I’ll tell you another one. Doing an interview in Hamburg Germany, the guy had to turn off the tape recorder because we were interrupted by the sound coming from across the lake. A radio station was having an event outside, blasting “Walking in Memphis” across the lake. I thought, “This is it. This has made its way around the world.”

EM: Who would you like in your rock ‘n’ roll heaven band?

CT: Scotty Moore just passed away, and he was a big influence on all the stuff that I liked back in the early days. Hank Garland was another unbelievable studio musician and played on all those early, early hits—he was a jazz guitar player, totally respected. He was injured in an accident in 1956 or ’57, and the musicians would not play session without him even though Hank couldn’t play like he used to play—he could kind of play certain chords, but they wouldn’t play unless he was there, so that he could make a living. Mickey “Guitar” Baker was another great one, and John Platania, who played on Moondance and Domino.  I like the way Bobby Moore plays on all those records out of Nashville, and he is a great bass player.

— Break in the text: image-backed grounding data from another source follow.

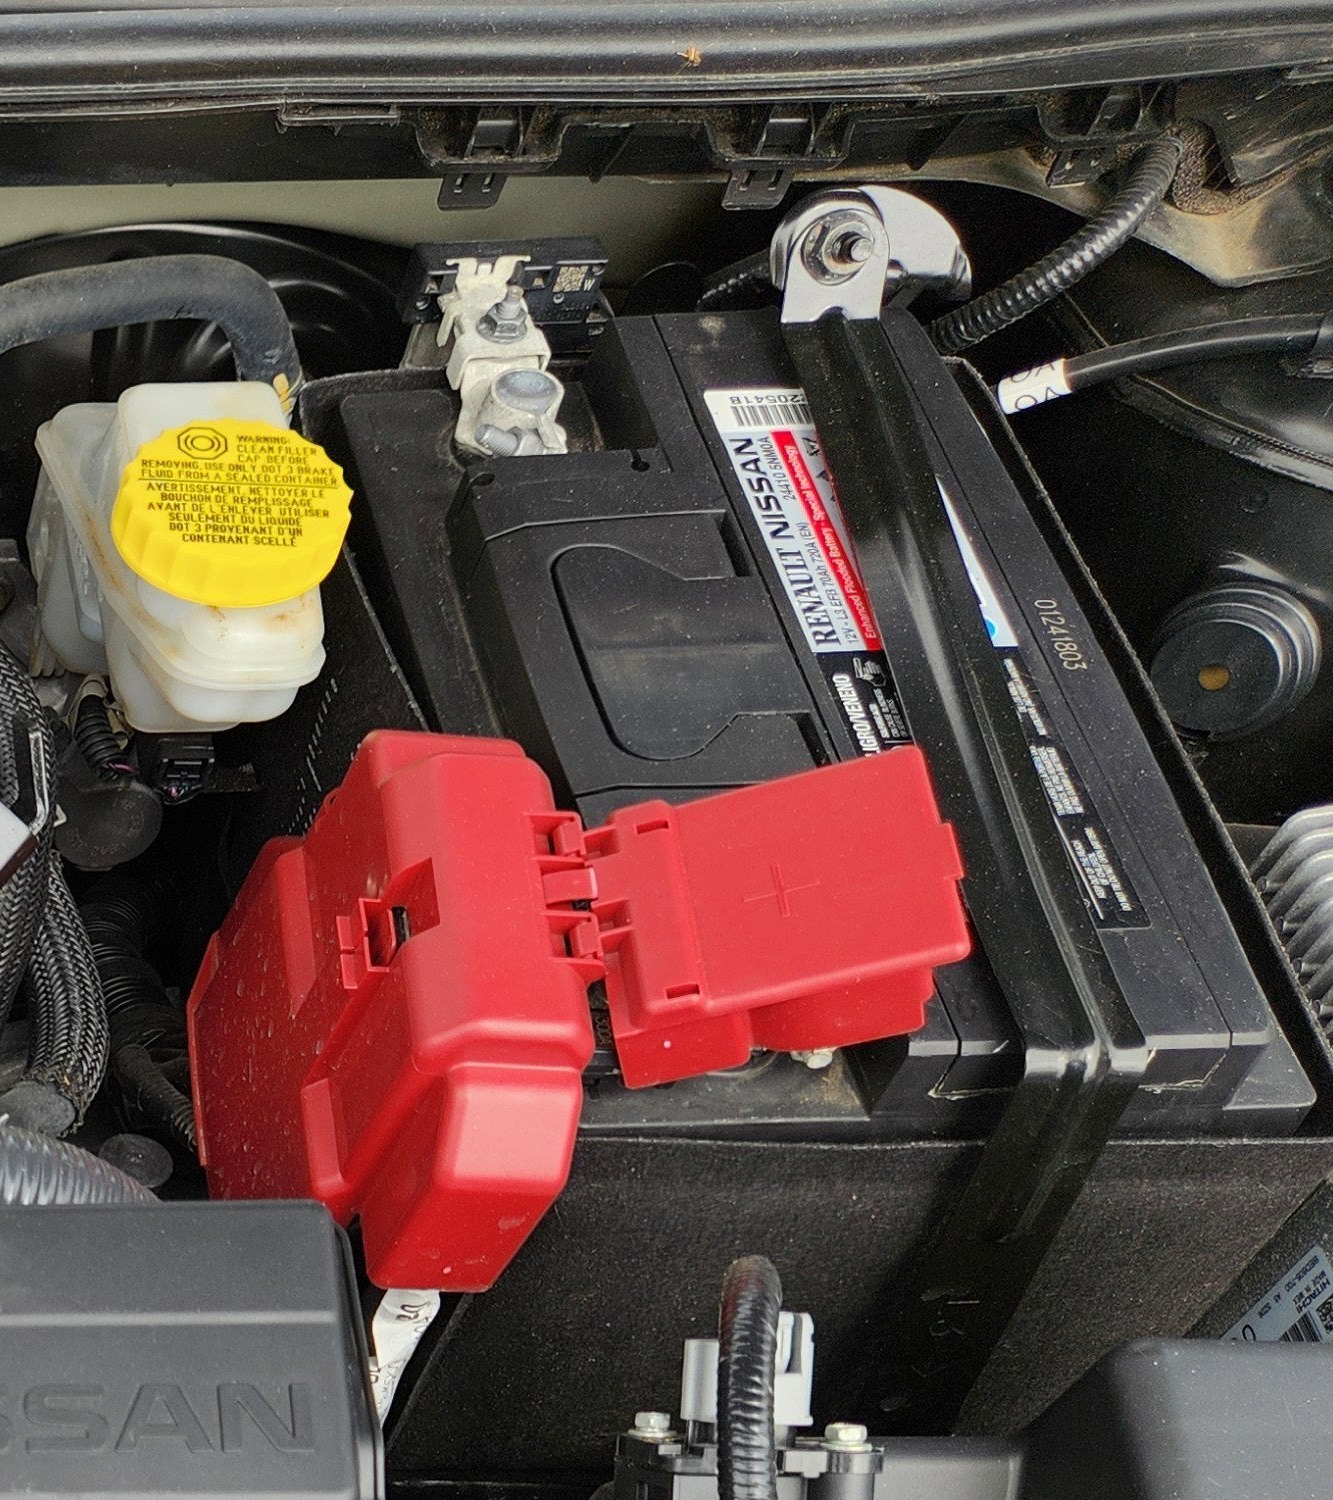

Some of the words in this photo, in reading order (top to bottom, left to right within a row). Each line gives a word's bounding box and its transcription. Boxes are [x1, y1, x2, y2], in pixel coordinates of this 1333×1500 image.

[236, 445, 275, 454] CLEAN
[278, 447, 317, 456] FILLER
[238, 454, 261, 463] CAP
[266, 456, 308, 465] BEFORE
[141, 469, 173, 479] FLUID
[178, 470, 209, 480] FROM
[215, 471, 222, 481] A
[227, 472, 271, 483] SEALED
[274, 474, 338, 486] CONTAINER
[205, 462, 223, 471] USE
[228, 463, 256, 473] ONLY
[262, 464, 282, 474] DOT
[297, 466, 334, 476] BRAKE
[249, 486, 308, 498] NETTOYER
[311, 489, 324, 498] LE
[729, 438, 794, 540] NISSAN
[777, 472, 796, 501] 24410
[161, 492, 211, 502] BOUCHON
[215, 494, 227, 503] DE
[233, 494, 312, 507] REMPLISSAGE
[802, 491, 825, 522] Special
[147, 501, 187, 512] AVANT
[192, 503, 207, 513] DE
[279, 507, 329, 518] UTILISER
[169, 512, 235, 524] SEULEMENT
[241, 515, 255, 524] DU
[258, 516, 302, 527] LIQUIDE
[169, 522, 191, 532] DOT
[205, 523, 273, 535] PROVENANT
[182, 532, 249, 545] CONTENANT
[822, 527, 841, 558] Battery
[833, 558, 858, 598] Flooded
[776, 547, 841, 646] RENAULT
[851, 597, 876, 639] Enhanced
[1034, 599, 1088, 671] 01241803
[1296, 1278, 1331, 1314] HITACHI

I love the drummer that I have now Tony Leone, he plays with the Chris Robinson Brotherhood and Ollabelle. I have used Seth Farber, a wonderful keyboard player in New York, but  he couldn’t go on the road, and I found this guy in Norway,  Goran Grini  and he was unbelievable, but if I were going to have a country band, I would probably choose Floyd Cramer. Hell, if I had a vocalist I probably pick John Prine, he’s a sneaky great vocalist. Going to a John Prine concert is like going to church, only better.

MC: I’d have Jim Keltner and Levon [Helm] on drums, and maybe Charlie Watts couldn’t join them too, they all go together in my mind. Paul McCartney on bass.  I love John Leventhal’s guitar, and I’d have Bonnie [Raitt] on slide, and Lowell George. Oh! Ry Cooder! He’d have the main guitar chair. John and Bonnie can support him. I want the Dixie Hummingbirds doing background, with Sam Cooke singing lead, Ray Charles, too, but certainly Ray Charles and Aretha Franklin on piano. Her greatest records are the ones where she’s playing.  I don’t even want to be the singer.  I’ll just hang out and listen.

EM: What’s your desert island CD?

CT: The original Kris Kristofferson album, I wore that one out, or Dublin Blues by Guy Clark, I remember driving off the road listening to that; or pretty much anything by John Prine.

MC: One? Really? It would have to be a full Simon box set. If I could only take one, it would be There Goes Rhymin’ Simon.